Surprisingly, all of these skills are easy to learn. While it can take years to become great at any one of them, within six months you can acquire enough knowledge and practice to stand out among a sea of candidates with identical resumes and identical answers to interview questions.
In fact, I’d argue that simply knowing what the following skills mean and leveraging that information in your cover letter will get you an interview. Which makes this the most valuable blog post you’ve read so far this year. You’re welcome.
A startup in its infancy is nothing more than a bunch of guesses – the founders are guessing a particular type of customer has a particular need, and that their solution will address that need in a way the customer will pay for. Smart startups realize these are just guesses, and they try to identify which are accurate and which are flawed.
The primary vehicle for doing this is called customer development. Customer development basically involves “getting out of the building” and talking to the kinds of people who will ultimately become customers.
Initially you’re trying to validate the problem – you want to know whether or not there is a problem worth solving, and how bad of a problem it is. What you’re hoping for is a “hair on fire” problem – something they acknowledge as being a problem that they would gladly pay money to solve.
Later in the process your goal is to validate the solution. You want to learn whether your product adequately solves that problem.
In most cases some of these assumptions are wrong. The purpose of customer development is to learn that as early as possible, and to make the necessary adjustments to your business before you’ve spent considerable time and money.
Customer development is also the primary sales and marketing mechanism for smart startups early on. They do anything they can to get early users in. They learn what’s broken and what needs to improve. Then they do it again, continuing the process until they reach “product-market fit” and a user experience that people consistently love.
To be effective at customer development, you should:
Knowing how to craft compelling copy is a skill that very few college grads possess, but is absolutely critical for startups. Most of the interactions you have with a product or service involve copy:
Very few startups have someone dedicated to this job – it usually falls on the founders. Having a crack copywriter on the team can be a tremendous competitive advantage.
To be effective at copywriting, you should:
Smart startups understand their funnel. The funnel is the path users take from first-time visitor to happy, paying customer. Many startups use a framework called AARRR:
Through the use of tools like Google Analytics and Kissmetrics, it’s possible to measure each step of the funnel. Google Analytics is free and very powerful – you can see users who have visited the site, their demographics, the pages they visit, the actions they complete and more.
People who understand how to properly set up and analyze the analytics being generated by an application are super valuable. By understanding the funnel, you can identify bottlenecks or areas of considerable dropoff. Armed with this information you can know whether it makes more sense to spend time acquiring more users at the top of the funnel or making tweaks to the bottom of the funnel for existing users.
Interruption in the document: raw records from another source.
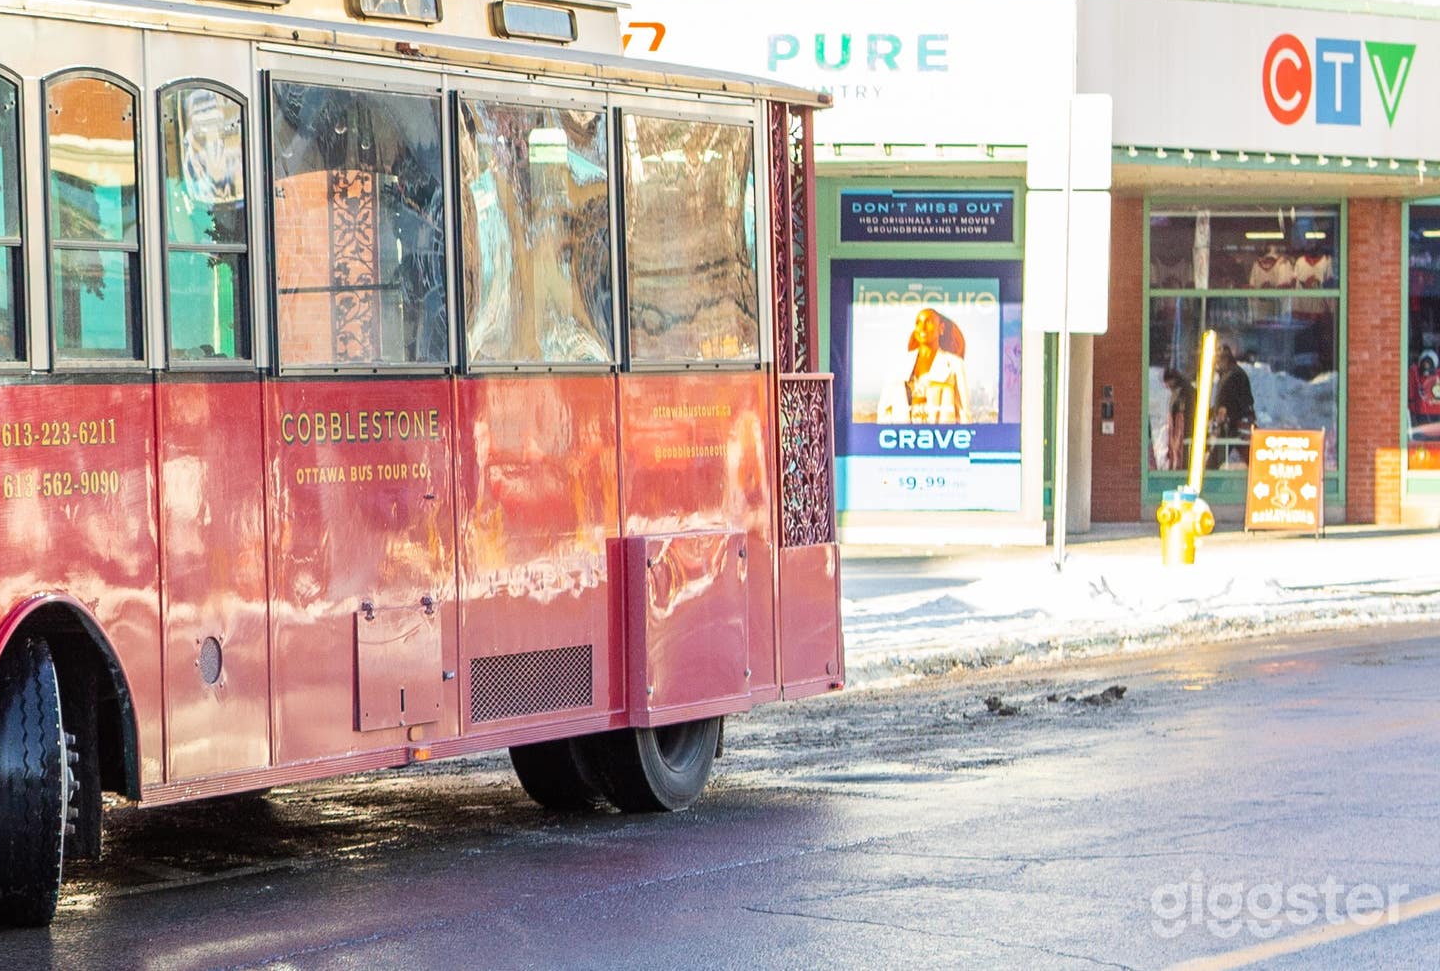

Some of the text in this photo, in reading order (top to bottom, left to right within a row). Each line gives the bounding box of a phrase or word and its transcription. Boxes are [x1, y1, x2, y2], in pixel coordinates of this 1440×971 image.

[767, 33, 949, 73] PURE
[1266, 41, 1412, 121] CTV
[852, 202, 1004, 214] DON'T MISS OUT
[881, 216, 931, 226] ORIGINALS
[942, 217, 957, 226] HIT
[960, 217, 996, 226] MOVIES
[867, 225, 988, 235] GROUNDBREAKING SHOWS
[1, 418, 117, 447] 613-223-6211
[281, 409, 440, 446] COBBLESTONE
[3, 470, 120, 499] 613-562-9090
[296, 466, 346, 484] OTTAWA
[350, 465, 373, 482] BUS
[377, 464, 408, 481] TOUR
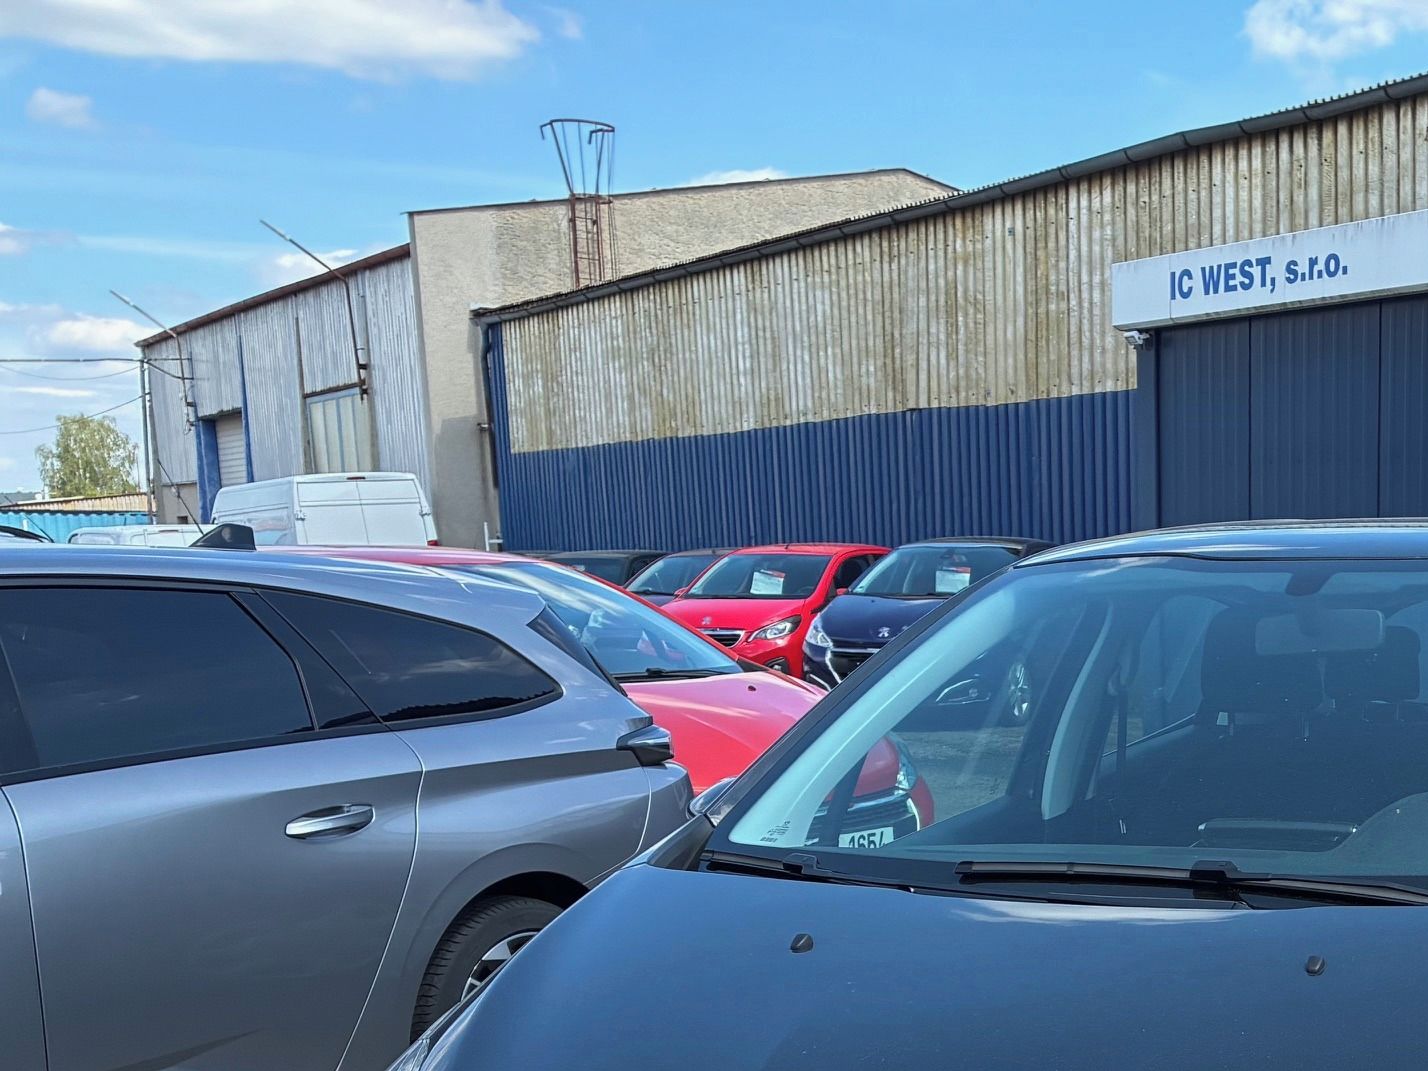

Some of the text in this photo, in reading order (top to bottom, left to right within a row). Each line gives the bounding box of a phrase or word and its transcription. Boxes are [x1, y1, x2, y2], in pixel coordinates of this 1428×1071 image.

[1170, 253, 1348, 300] IC WEST, s.r.o.
Analytics becomes even more powerful when combined with A/B testing. A/B testing is a way to test two different versions of a page or part of a page, to see which one leads to better results. A common example is to test different headlines or calls to action on a homepage to see which one leads to a better conversion rate.
Google has a tool called Content Experiments as part of their analytics package, or you can use a tool like Unbounce.
To be effective with analytics and A/B testing, you should:
The phrase “growth hacking” is a controversial one, but it basically refers to someone is focused on scalable growth. They are masters of understanding the funnel and identifying clever ways to manipulate and improve each step.
Growth hackers are great at identifying new channels for acquisition. There is an enormous advantage in being able to identify and exploit a platform before tons of other companies, because the cost to acquire users is typically very low and you can reach them without a tremendous amount of noise from other companies looking to do the same thing. Companies that were early to adopt the Facebook platform acquired millions of users through ads in the feed, but that strategy has declined in effectiveness as people began to recognize and avoid them. This is why being first to channel is arguable better than being first to market.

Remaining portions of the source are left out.